# Aim of the exercise
Return each entry below word for word, leaving out any image.

Extracted records

::::::::

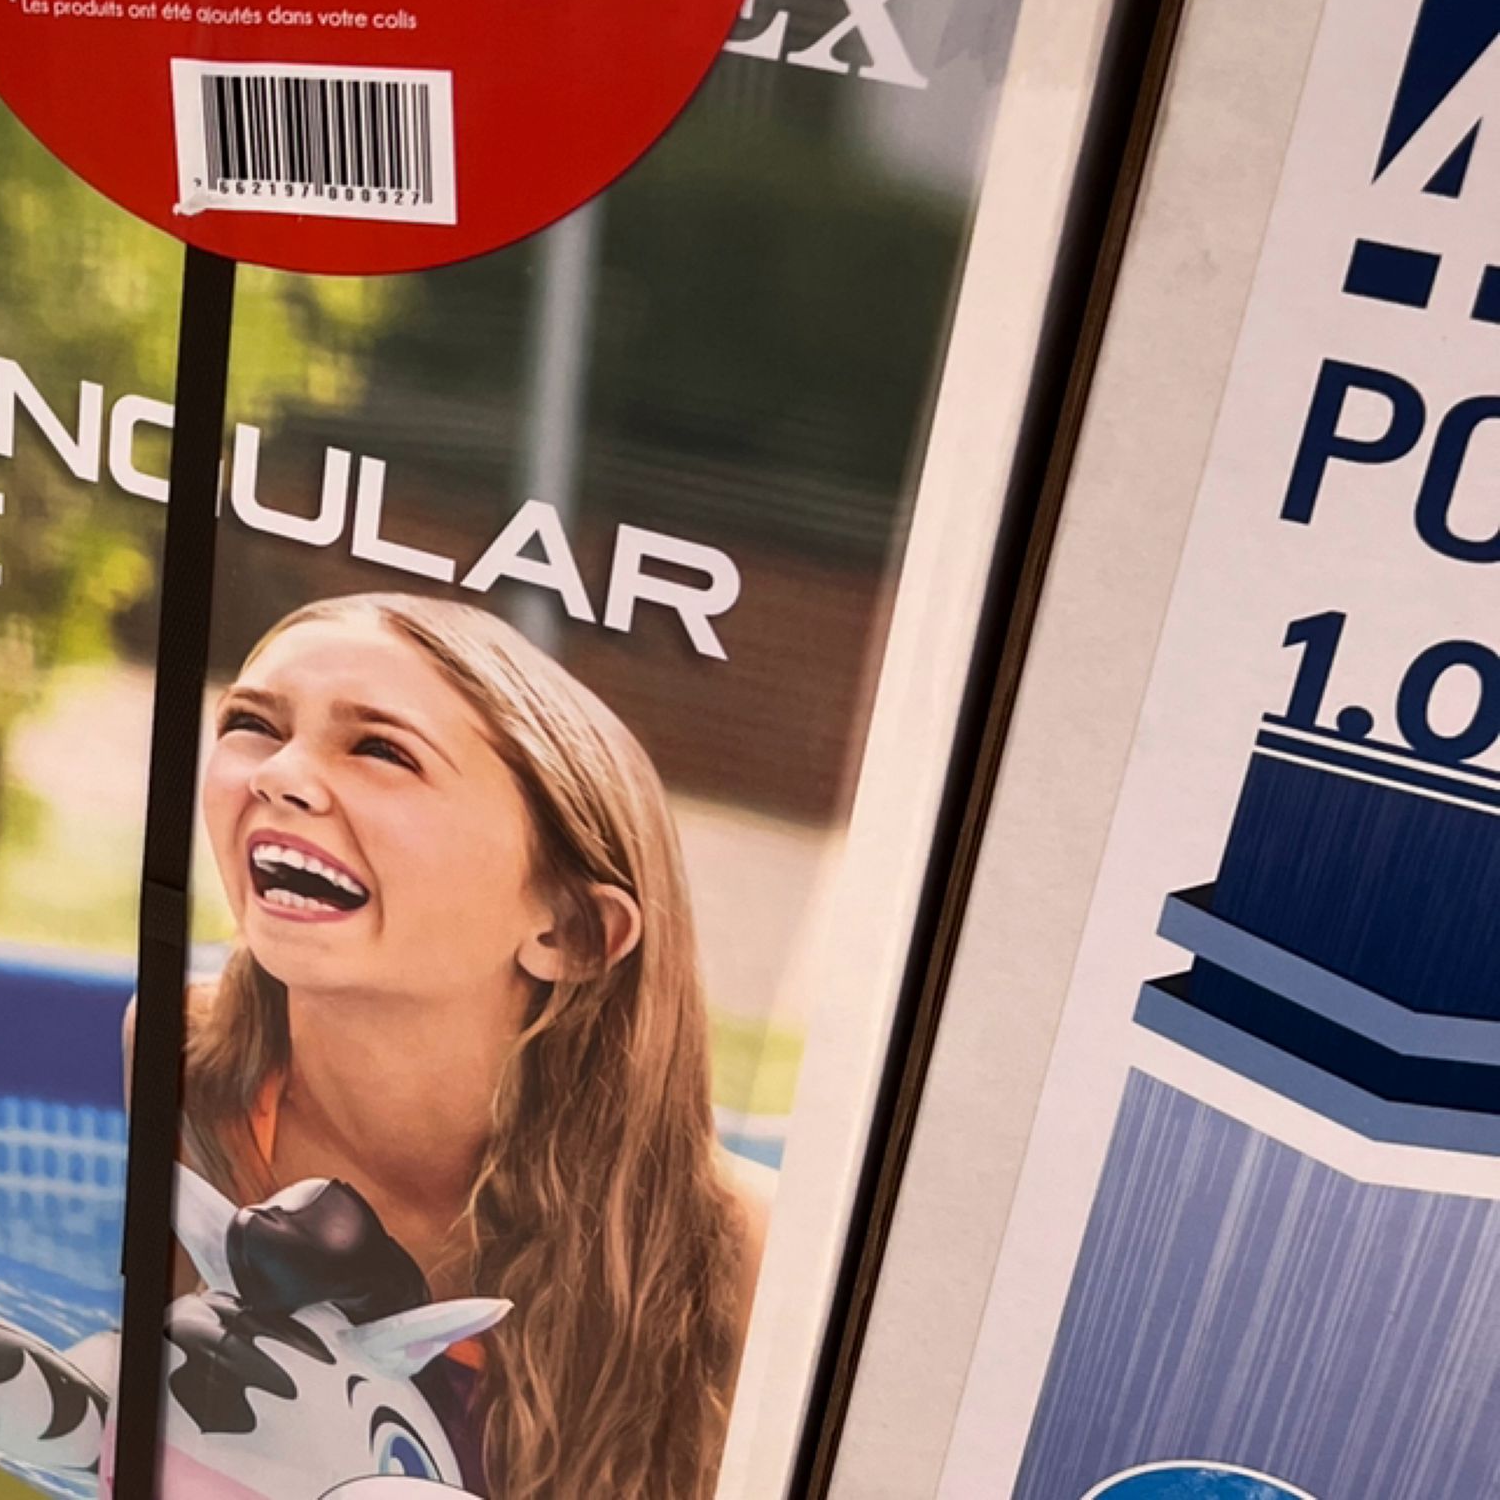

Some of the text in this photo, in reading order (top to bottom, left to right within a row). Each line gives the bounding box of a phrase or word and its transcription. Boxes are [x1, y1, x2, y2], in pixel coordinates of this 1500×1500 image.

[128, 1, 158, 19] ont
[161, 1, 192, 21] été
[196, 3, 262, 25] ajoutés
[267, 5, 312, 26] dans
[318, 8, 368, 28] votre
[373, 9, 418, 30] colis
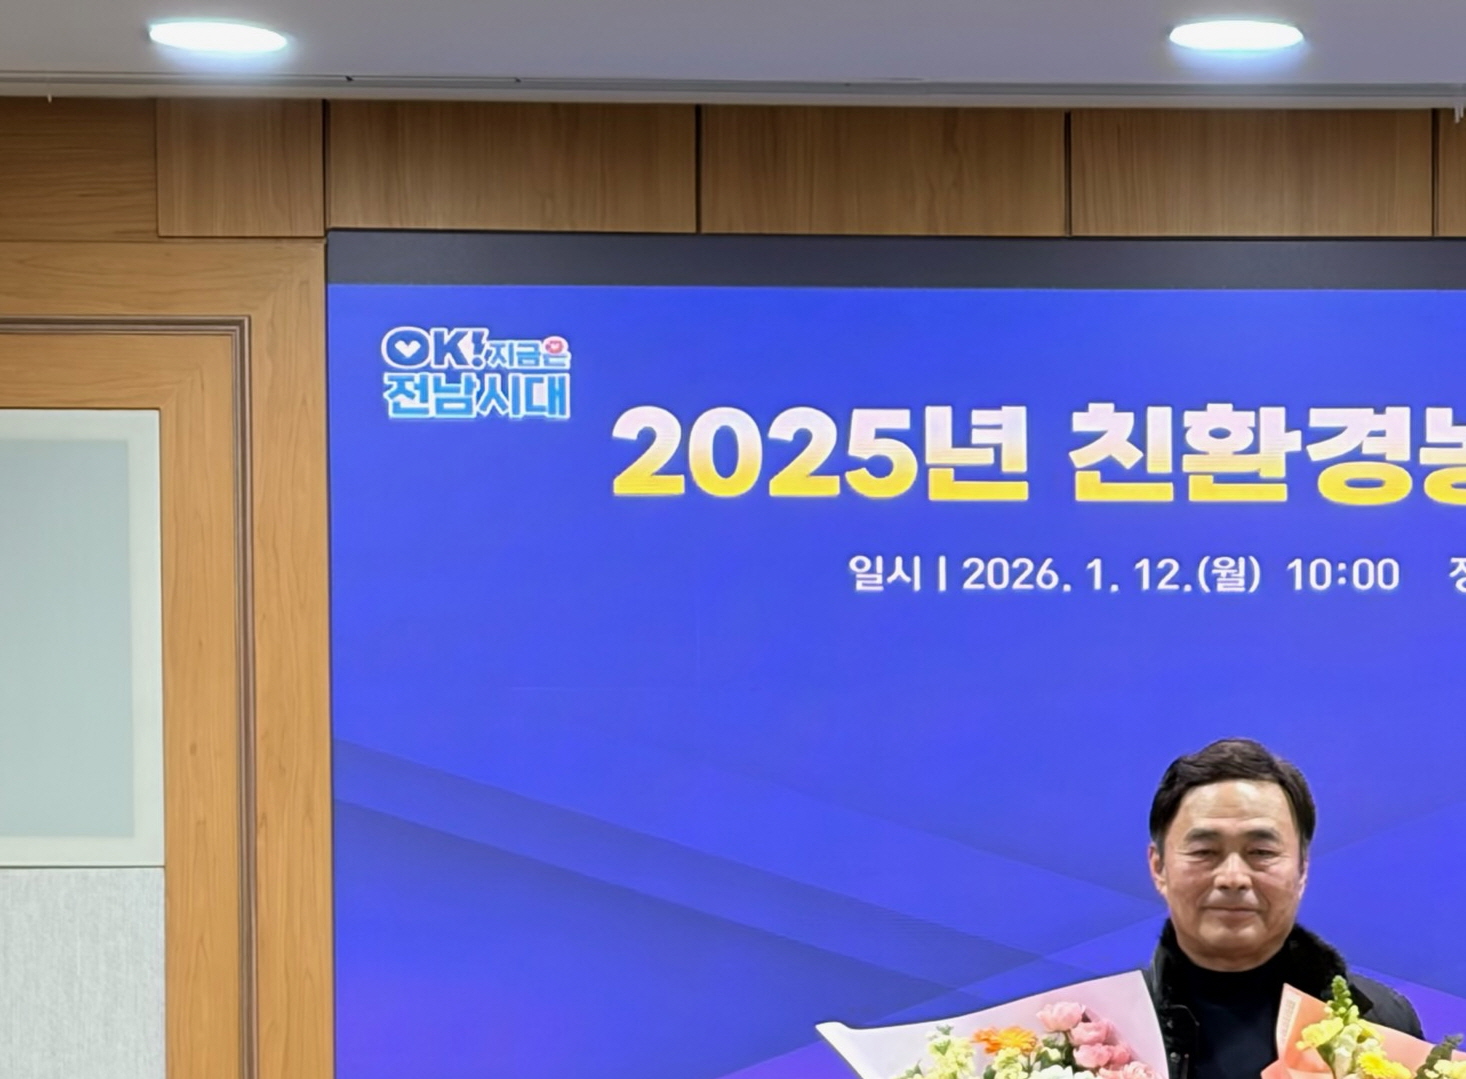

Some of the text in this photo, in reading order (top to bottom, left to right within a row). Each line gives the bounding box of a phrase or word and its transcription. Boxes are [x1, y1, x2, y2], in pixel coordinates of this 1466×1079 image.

::::::::

# Answer
Some of the text in this photo, in reading order (top to bottom, left to right within a row). Each line gives the bounding box of a phrase or word and its transcription. Boxes are [x1, y1, x2, y2], in pixel coordinates of this 1500×1500 image.

[128, 1, 158, 19] ont
[161, 1, 192, 21] été
[196, 3, 262, 25] ajoutés
[267, 5, 312, 26] dans
[318, 8, 368, 28] votre
[373, 9, 418, 30] colis

Some of the text in this photo, in reading order (top to bottom, left to right within a row). Each line gives the bounding box of a phrase or word and its transcription. Boxes are [x1, y1, x2, y2], in pixel coordinates of this 1466×1079 image.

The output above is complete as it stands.